Llega el verano y las posibilidades de deshidratación se multiplican, principalmente, entre los niños y ancianos, que son los más afectados por este tipo de desequilibrio en el balance hidroelectrolítico. La gran paradoja de la deshidratación es que, a pesar de la gran morbilidad y mortalidad que desencadena, prevenirla es sencillo y barato, basta con un especial cuidado en la hidratación.
La deshidratación es la situación que sobreviene por la pérdida de agua del organismo. En situaciones normales, a pesar de que las pérdidas de agua se vean aumentadas, el individuo experimenta sed por lo que tiende a ingerir mayores volúmenes de líquido para compensar las pérdidas y es difícil que aparezca la deshidratación. Sin embargo, si la ingesta de agua no puede superar estas pérdidas aparece la deshidratación.
Causas
Las causas de la deshidratación se pueden clasificar en dos grandes bloques: por un lado, la disminución de la ingesta de agua y, por otro lado, el aumento de las pérdidas de agua que puede darse por incremento de la eliminación digestiva, de la eliminación cutánea, eliminación respiratoria, eliminación renal y secuestro de líquido.
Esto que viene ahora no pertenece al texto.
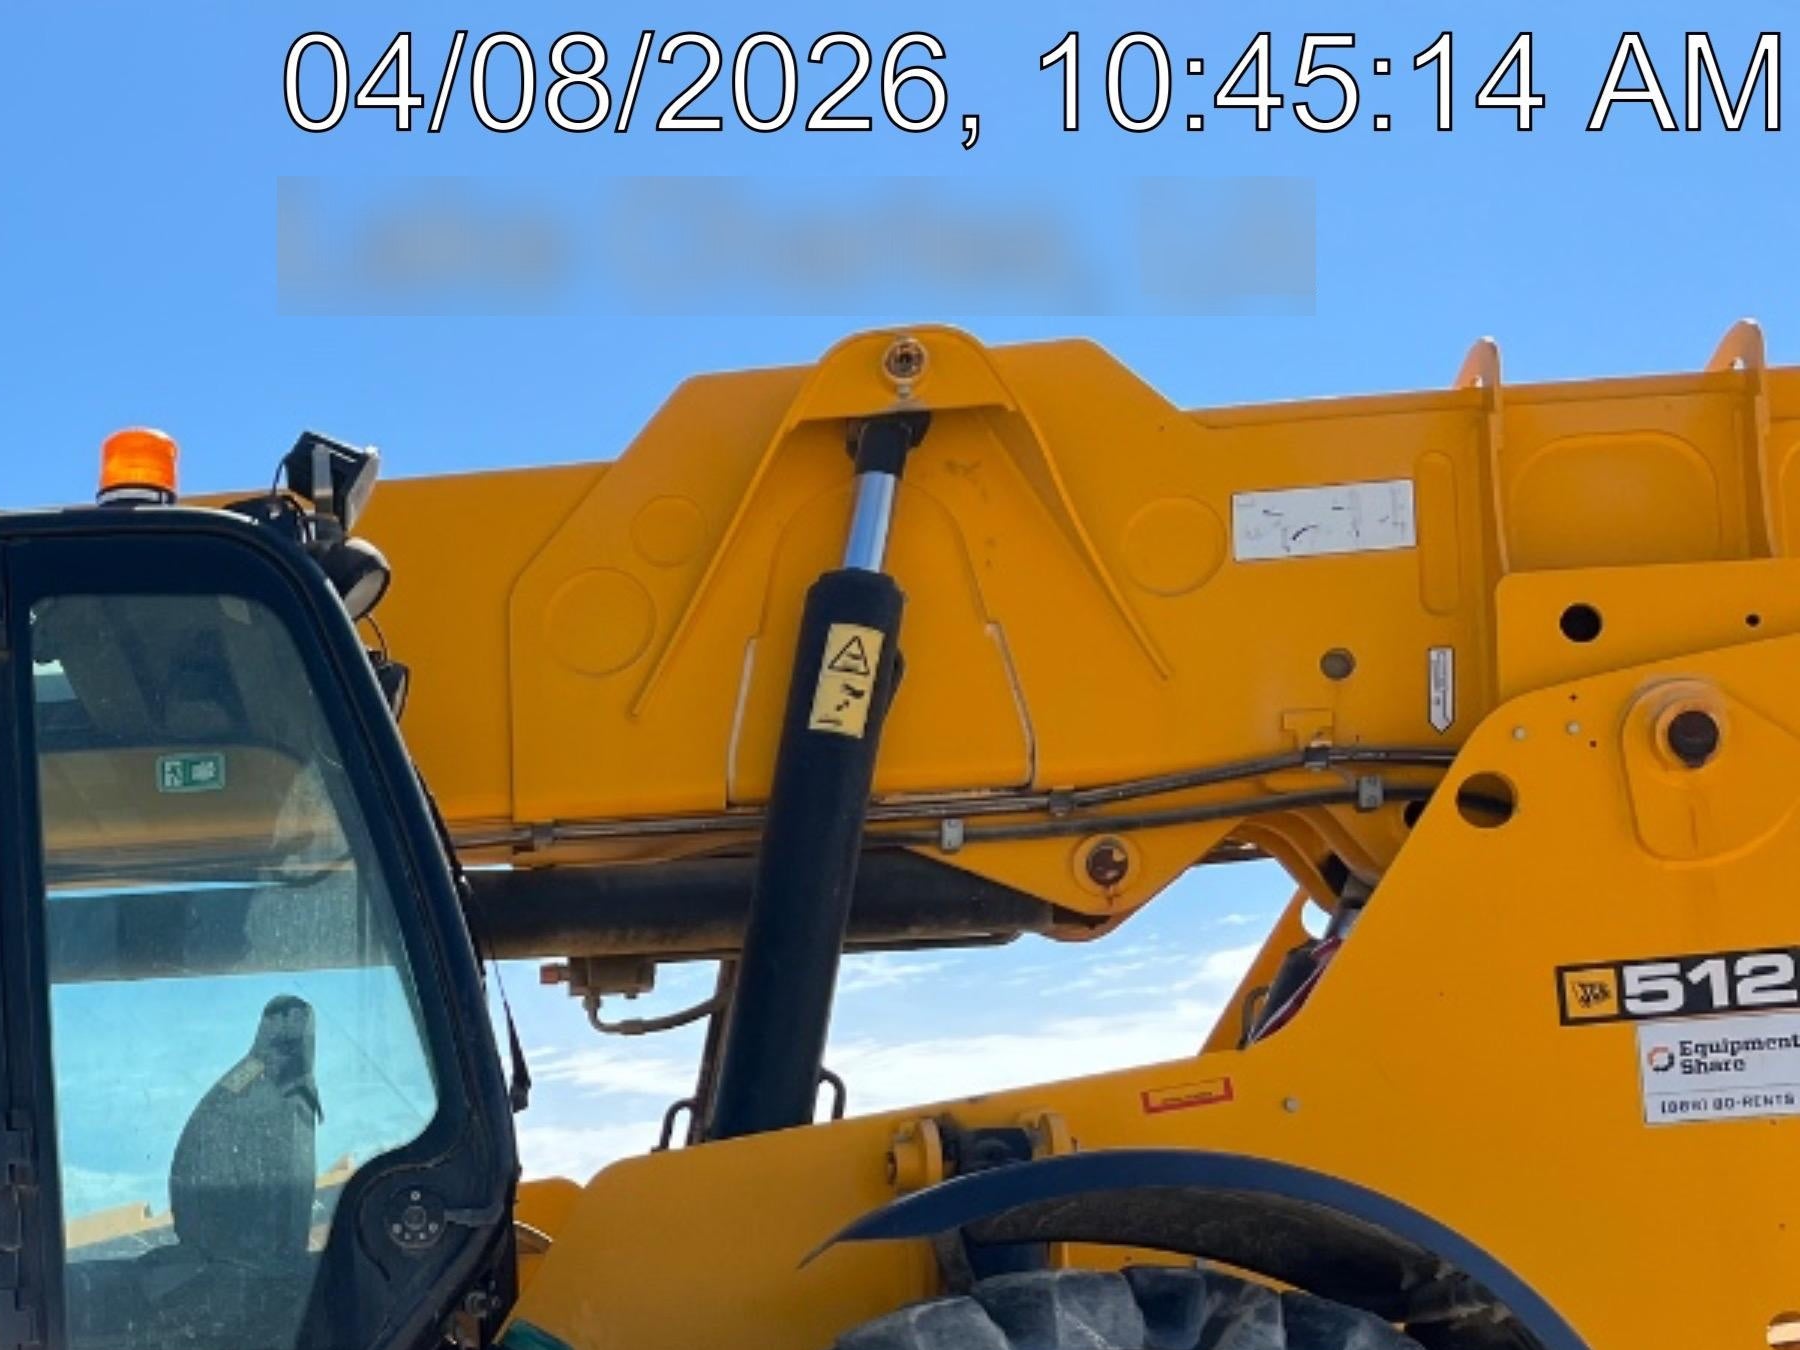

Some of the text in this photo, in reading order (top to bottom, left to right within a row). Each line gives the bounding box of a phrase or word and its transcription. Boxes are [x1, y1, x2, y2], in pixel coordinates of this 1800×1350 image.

[1623, 953, 1798, 1015] 512
[1679, 1034, 1800, 1060] Equipment
[1679, 1057, 1746, 1075] Share
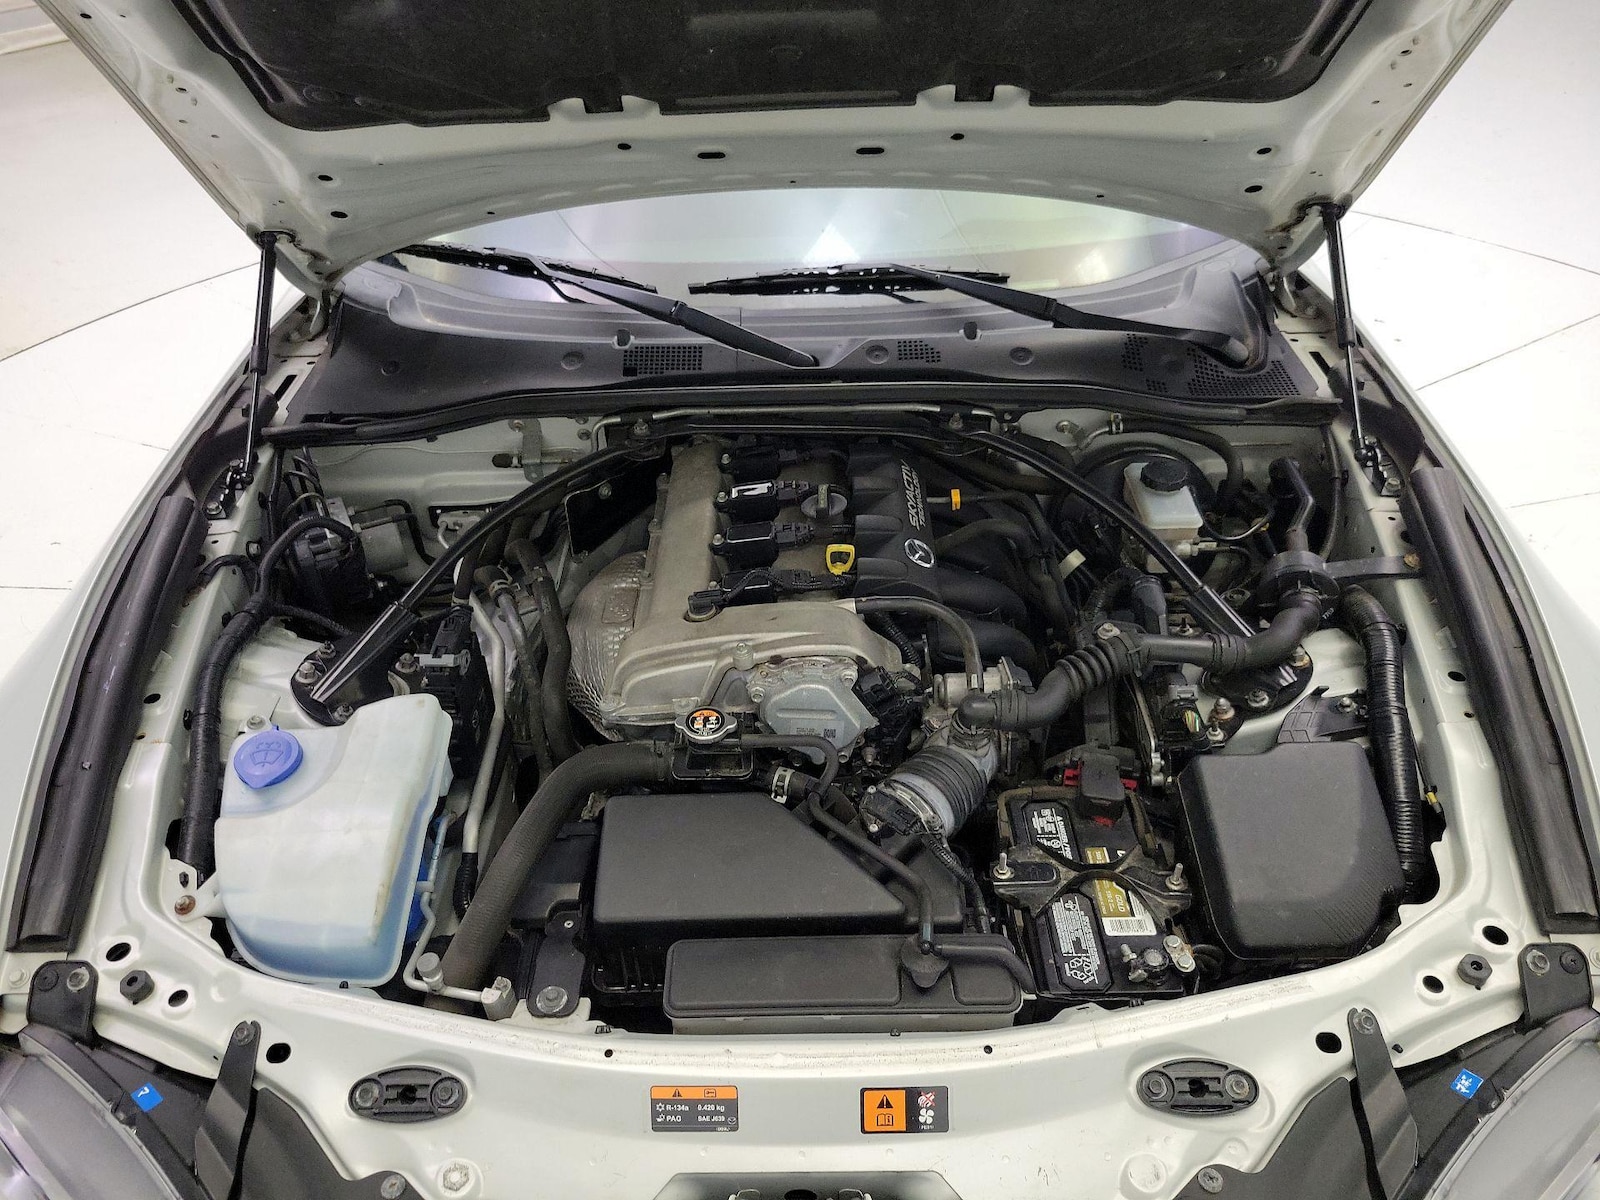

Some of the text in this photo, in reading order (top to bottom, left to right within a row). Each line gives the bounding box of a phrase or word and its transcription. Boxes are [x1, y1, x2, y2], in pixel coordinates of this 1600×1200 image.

[901, 459, 920, 531] SKYACTIV
[911, 468, 926, 527] TECHNOLOGY
[1115, 894, 1126, 912] GOLD
[716, 1104, 725, 1112] kg
La diarrea aguda es la responsable del mayor número de casos de deshidratación, ensañándose especialmente con los niños pequeños y sobre todo en zonas con condiciones higiénico-sanitarias deficientes. Además, es frecuente que aparezcan casos de deshidratación en personas aquejadas de vómitos repetidos y abundantes.
Etapas
La deshidratación es un proceso paulatino, en las primeras 24 se pierde el 2% del peso húmedo del cuerpo, cuando se pierde alrededor del 15% del peso corporal húmedo, sobreviene la muerte.
Todo este proceso de deshidratación se puede ver agravado por varios factores: temperatura del medio ambiente, ingesta de agua de mar, en pacientes con enfermedades renales, la edad (en niños y ancianos estas pérdidas son más rápidas) y por la ingesta de alimentos, aunque estos aportan líquidos producen distintos metabolitos de deshecho que fuerzan al riñon a eliminarlos.
Tratamiento
Antes de instaurar un tratamiento, se debe conocer la gravedad de la deshidratación. El tratamiento de la deshidratación leve puede llevarse a cabo ambulatoriamente con soluciones de rehidratación oral. En los casos más graves se requiere hospitalización y tratamiento con soluciones parenterales.
Se recomienda evitar la utilización, bastante común, de refrescos comerciales para prevenir o tratar las deshidrataciones leves, especialmente en los niños. De igual manera, es aconsejable que el farmacéutico derive al médico a los pacientes graves.